Find general solutions of the differential equations. Primes denote derivatives with respect to \(x\) throughout. $$ x^{2} y^{\prime}+2 x y=5 y^{4} $$

Short Answer

Expert verified
The general solution is given by \( y = \pm \left(2(5x^{-1} - 2\ln|x| - C)\right)^{-1/2}. \)

Step by step solution

01

Rearrange the Equation

Rearrange the given differential equation \[ x^2 y' + 2xy = 5y^4 \] into a form that makes it easier to separate the variables. Divide every term by \( x^2 y^4 \) to prepare for separation of variables: \[ y' = \frac{5y^3}{x^2} - \frac{2y}{x}. \]
02

Separate Variables

Separate the variables, \( y \) and \( x \). The equation becomes \[ \frac{y'}{y^3} - \frac{2}{xy^3} = \frac{5}{x^2}. \] Or, \[ \left( \frac{1}{y^3} \right) y' = \frac{5}{x^2} + \frac{2}{xy^3}. \] Multiply the entire equation by \( y^3 \) to simplify: \[ y^{-3} y' = \frac{5}{x^2} + \frac{2}{x} \left( \frac{1}{y^3} \right). \]
03

Integrate Both Sides

Integrate both sides with respect to \( x \). The left side becomes \[\int y^{-3} dy = - \frac{1}{2} y^{-2} + C_1. \] The right side involves the integration of \[\int \left( \frac{5}{x^2} + \frac{2}{x} \right) dx. \] This results in \[-\frac{5}{x} + 2\ln|x| + C_2.\]
04

Combine Integration Results

Equate the results of the integration from both sides.
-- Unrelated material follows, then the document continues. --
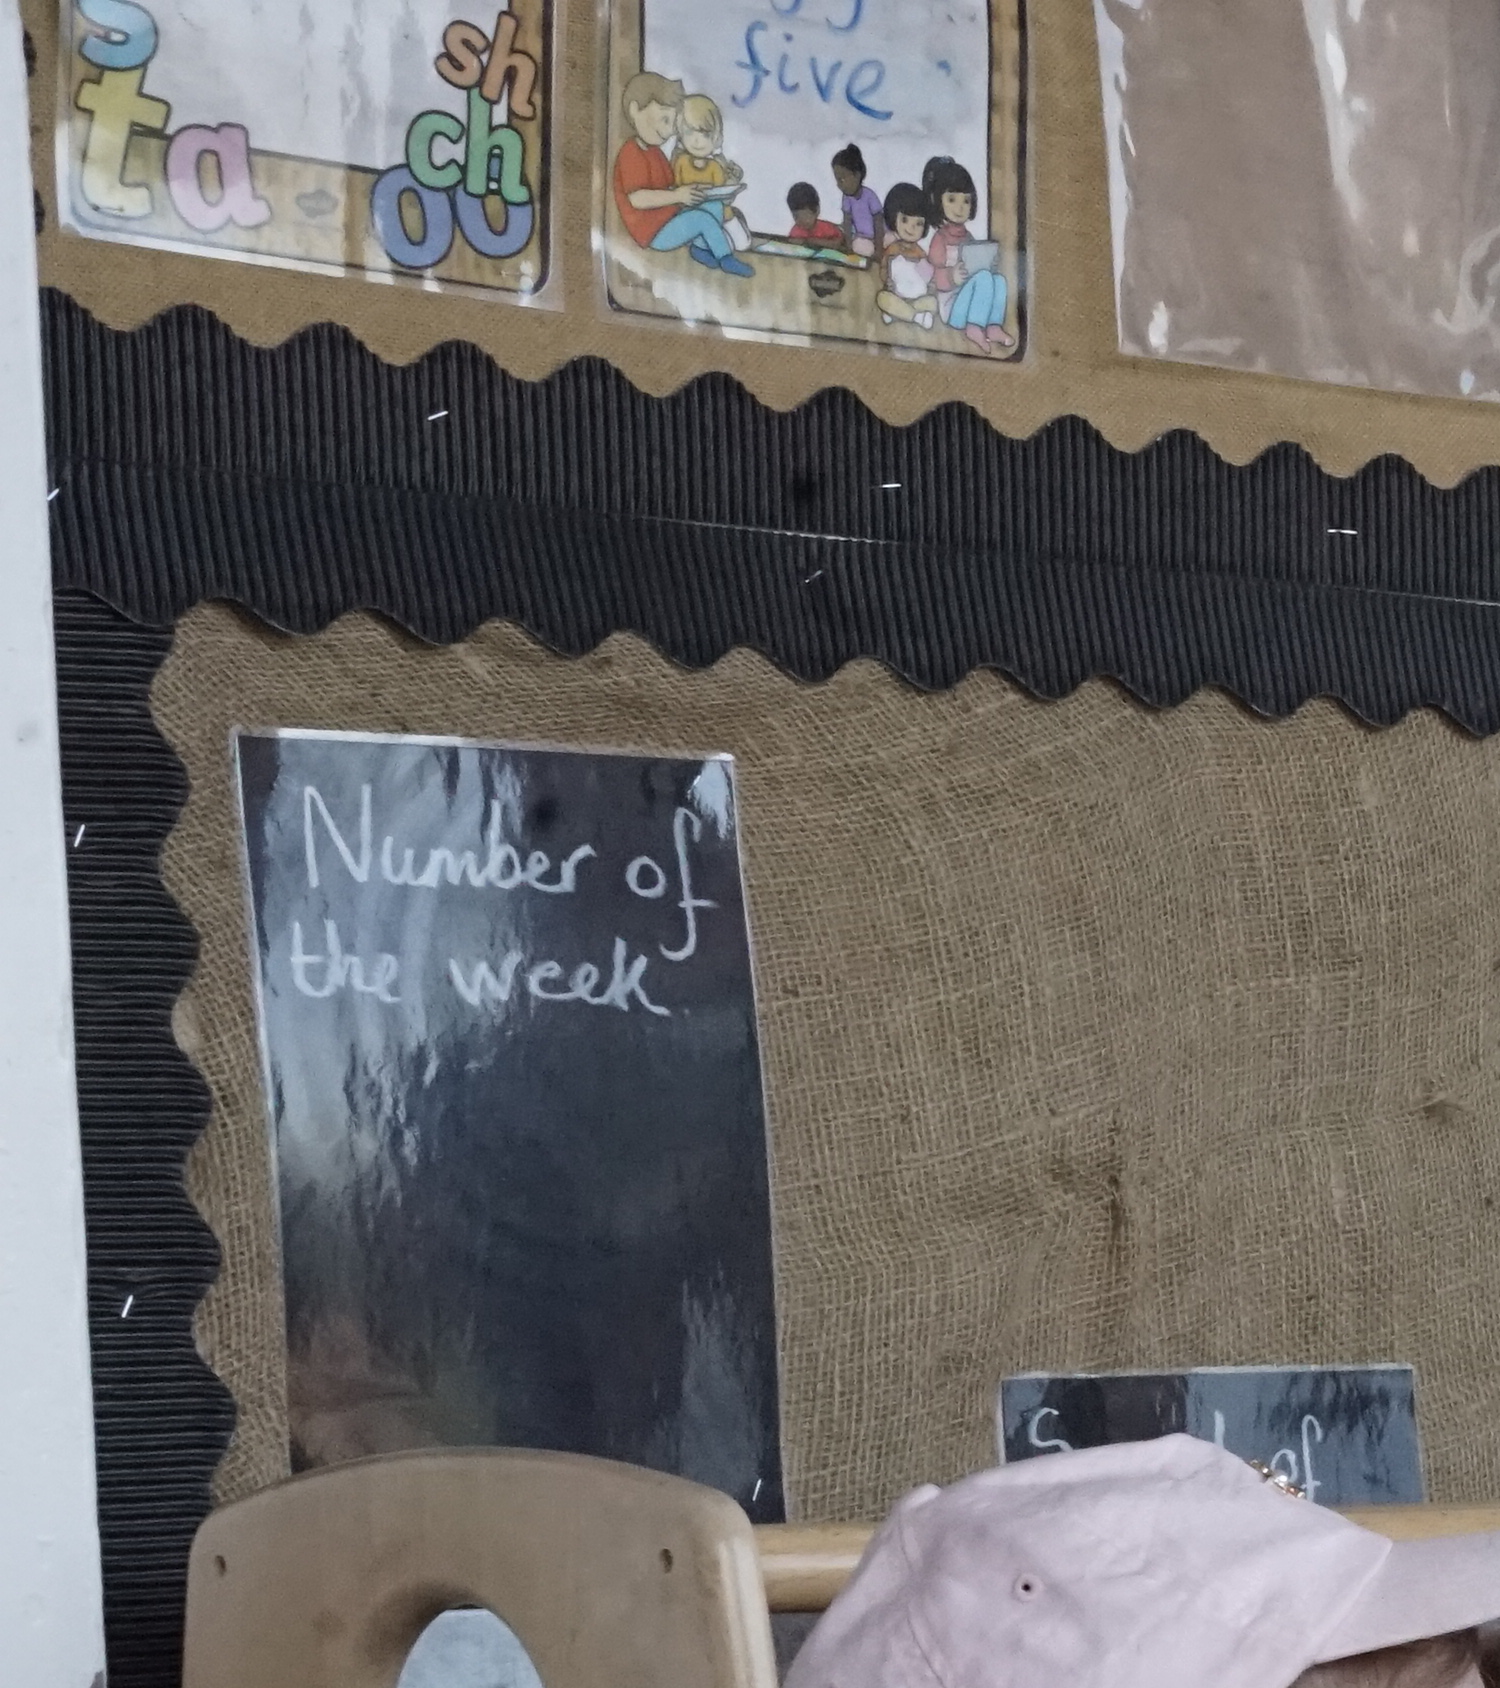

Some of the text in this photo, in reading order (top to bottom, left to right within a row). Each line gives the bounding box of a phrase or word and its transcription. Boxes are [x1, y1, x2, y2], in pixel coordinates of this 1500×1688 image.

Set the constants \( C \) to combine and simplify:\[-\frac{1}{2} y^{-2} = -\frac{5}{x} + 2\ln|x| + C.\]
05

Solve for y

Solve for \( y \) by rearranging the expression obtained. First, express \( y^{-2} \):\[ y^{-2} = 2 \left(\frac{5}{x} - 2\ln|x| - C\right).\] Finally, solve for \( y \):\[ y = \left(\frac{1}{2 (5x^{-1} - 2 \ln|x| - C)}\right)^{-1/2}. \] This expresses \( y \) in terms of \( x \).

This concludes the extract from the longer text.